Data for this task =
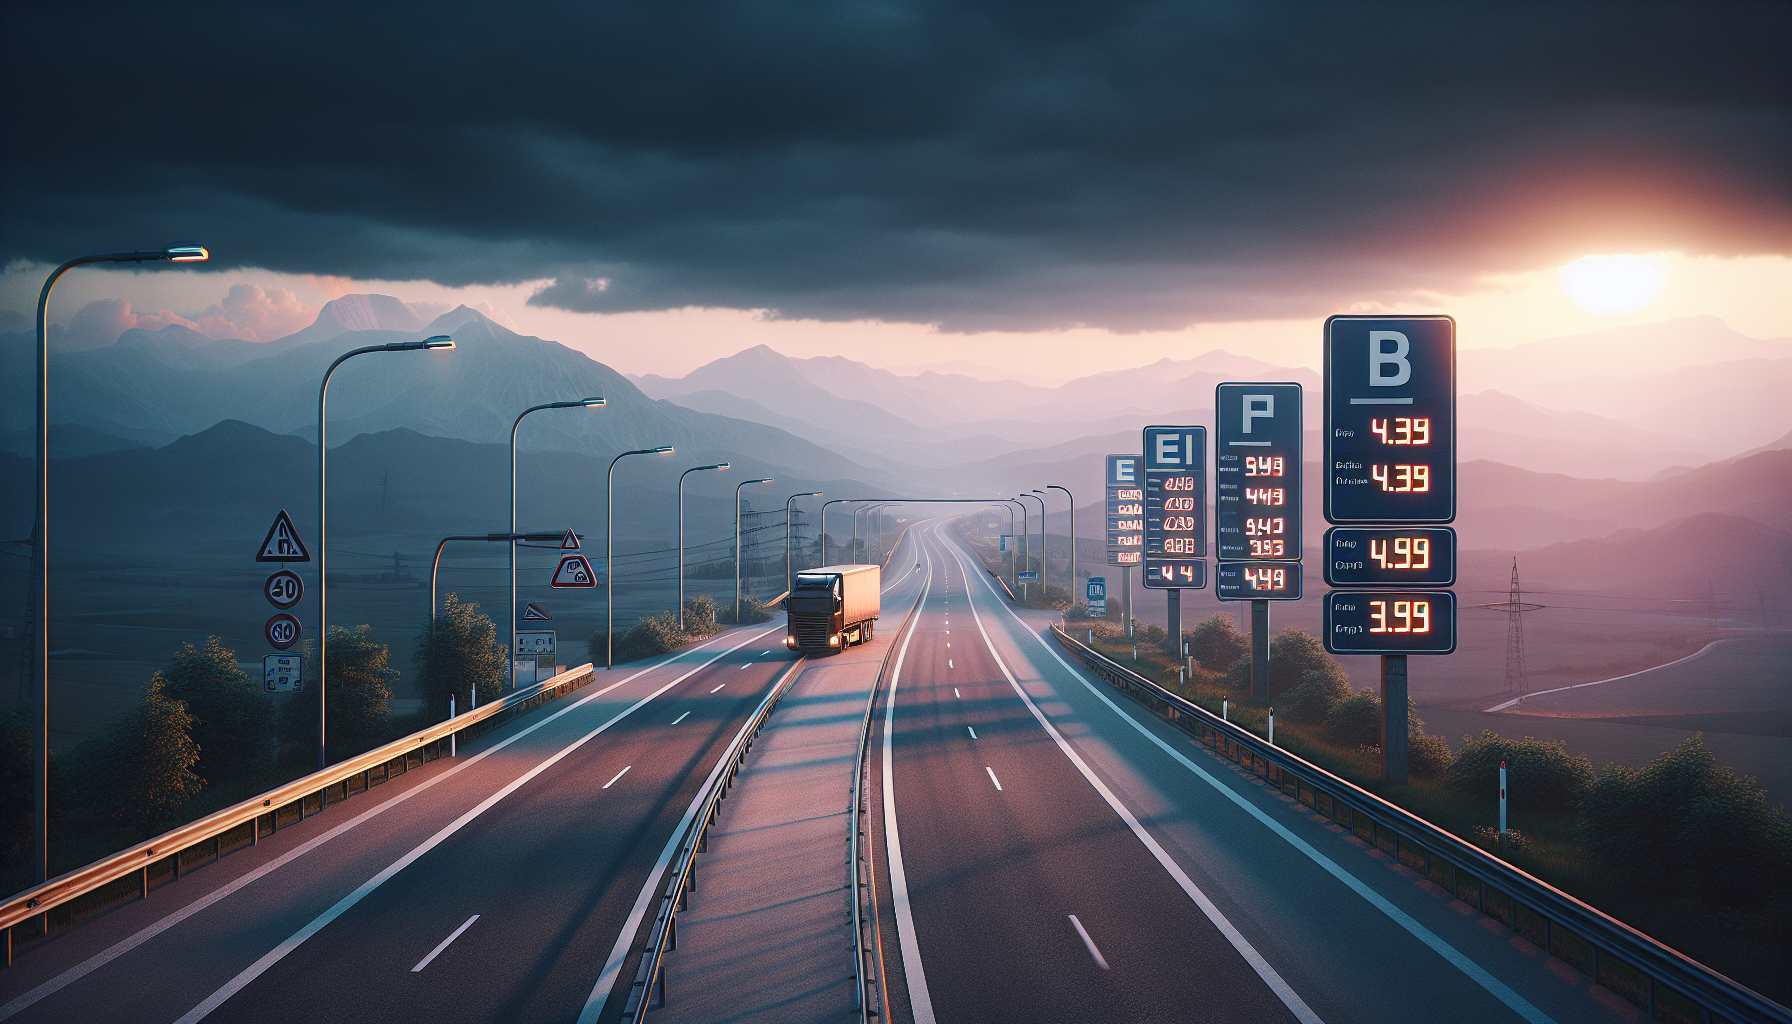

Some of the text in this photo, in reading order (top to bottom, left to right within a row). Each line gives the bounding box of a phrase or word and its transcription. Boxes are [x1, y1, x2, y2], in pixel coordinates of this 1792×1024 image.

[1369, 330, 1412, 387] B
[1242, 394, 1275, 434] P
[1371, 417, 1430, 445] 4.39
[1116, 459, 1135, 481] E
[1371, 463, 1430, 492] 4.39
[1370, 537, 1430, 569] 4.99
[1369, 600, 1430, 633] 3.99

What the task requires = Write the material above out again exactly as it reads, but don't carry over the pictures.

Response to this exercise =
Some of the text in this photo, in reading order (top to bottom, left to right within a row). Each line gives the bounding box of a phrase or word and its transcription. Boxes are [x1, y1, x2, y2], in pixel coordinates of this 1792×1024 image.

[1369, 330, 1412, 387] B
[1242, 394, 1275, 434] P
[1371, 417, 1430, 445] 4.39
[1116, 459, 1135, 481] E
[1371, 463, 1430, 492] 4.39
[1370, 537, 1430, 569] 4.99
[1369, 600, 1430, 633] 3.99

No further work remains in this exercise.